Dans toute cette apocalypse africaine, quel est donc le pays qui semble tenir la route si ce n’est l’Afrique du sud de Nelson Mandela ? Le Gabon se trompe en voulant faire obstruction à la nouvelle volonté des Sud-Africains de vouloir diriger une Union Africaine (UA) désormais dans un coma avancé. L’UA est sur un chemin qui ne mène nulle part : elle a été inexistante dans les dernières crises qui ont secoué le continent, il est donc normal qu’un grand pays démocratique comme l’Afrique du sud veuille diriger la Commission de l’UA, alors même que l’indépendance de l’Afrique est remise en question et que des ambitions civilisationelles se sont sentir, y compris de la part de l’Arabie Saoudite.

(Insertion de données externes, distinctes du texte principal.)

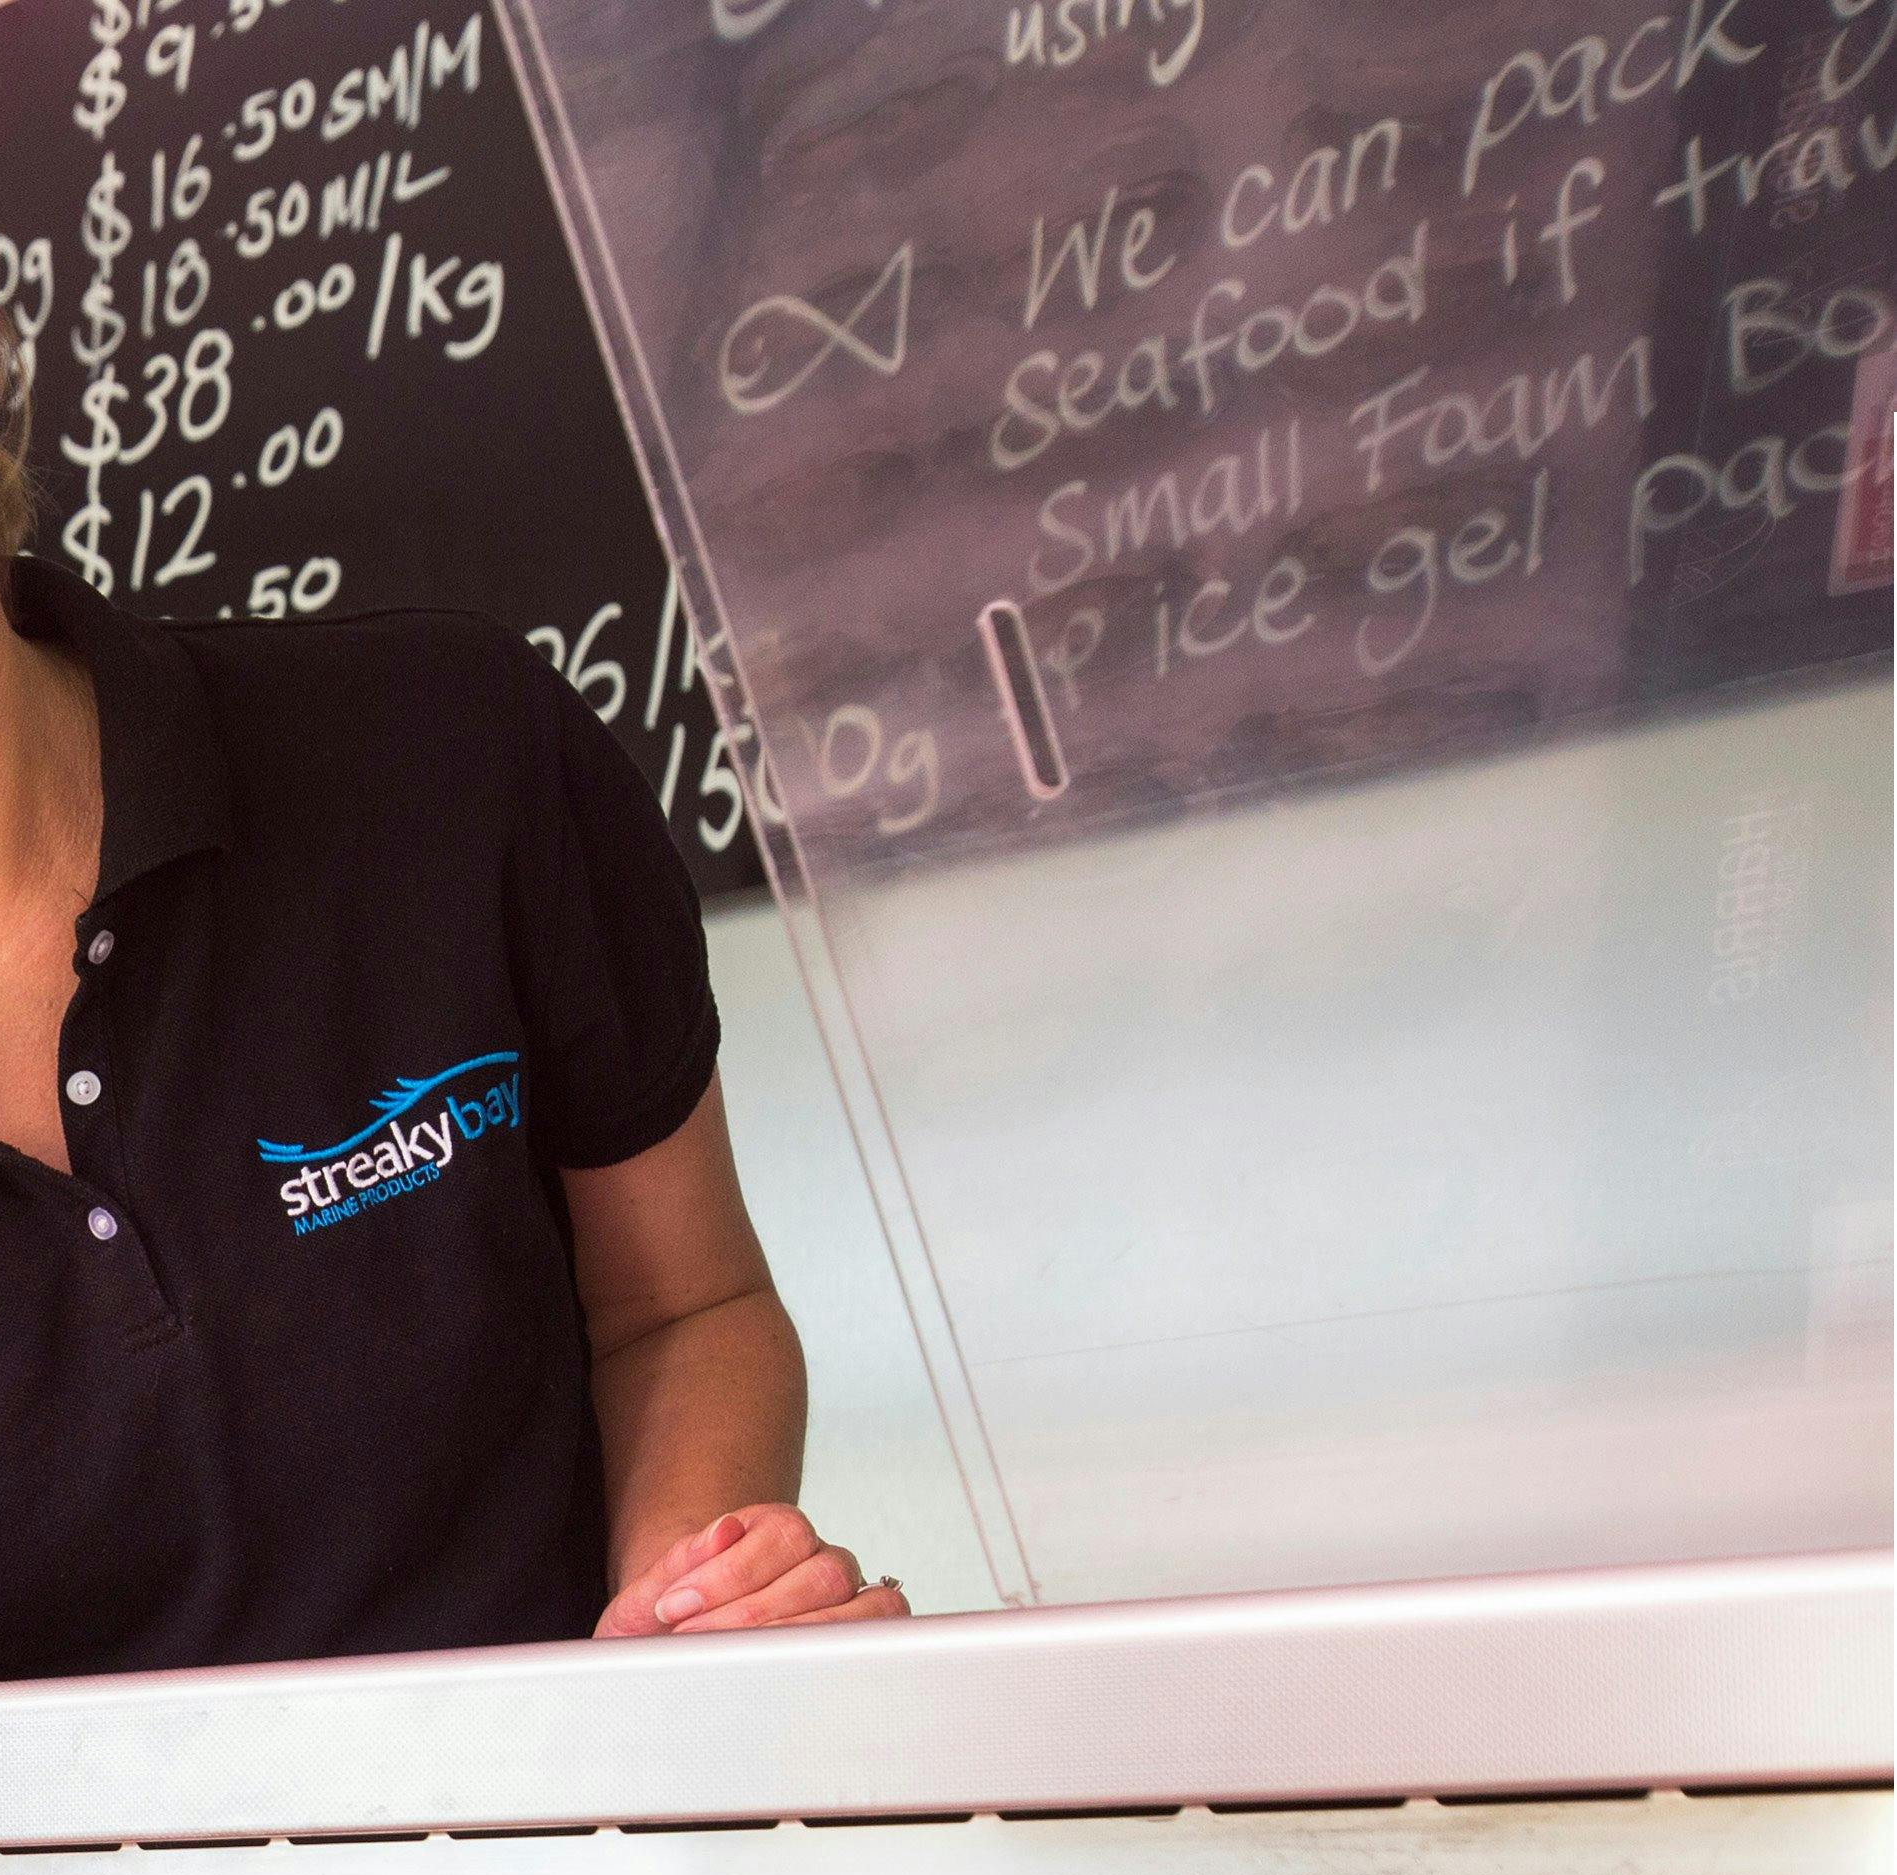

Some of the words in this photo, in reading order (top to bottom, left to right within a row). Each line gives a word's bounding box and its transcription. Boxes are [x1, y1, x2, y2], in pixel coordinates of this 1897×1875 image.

[1023, 186, 1177, 331] We
[1220, 117, 1402, 250] can
[1460, 0, 1767, 197] pack
[1504, 156, 1607, 305] if
[1027, 413, 1301, 596] Small
[1348, 331, 1656, 494] Foam
[1155, 558, 1318, 678] ice
[1355, 468, 1550, 676] gel
[293, 1194, 360, 1237] MARINE
[359, 1160, 442, 1211] PRODUCTS

L’Afrique du sud est dotée d’une Gouvernement stable, d’une économie performante et d’une armée capable de sécuriser un certain nombre de crises. Elle mérite que les Africains lui confient leurs destins, même de manière provisoire. Si l’Afrique du sud veut présider la Commission de l’UA, le Gabon ne doit plus s’imposer à cela car c’est l’intérêt partagé des peuples africains, face aux nombreux périls de l’heure. Les présidents Ali BONGO et Jean PING sont assez intelligents pour comprendre que les temps ont changé.

Bruno Ben MOUBAMBA.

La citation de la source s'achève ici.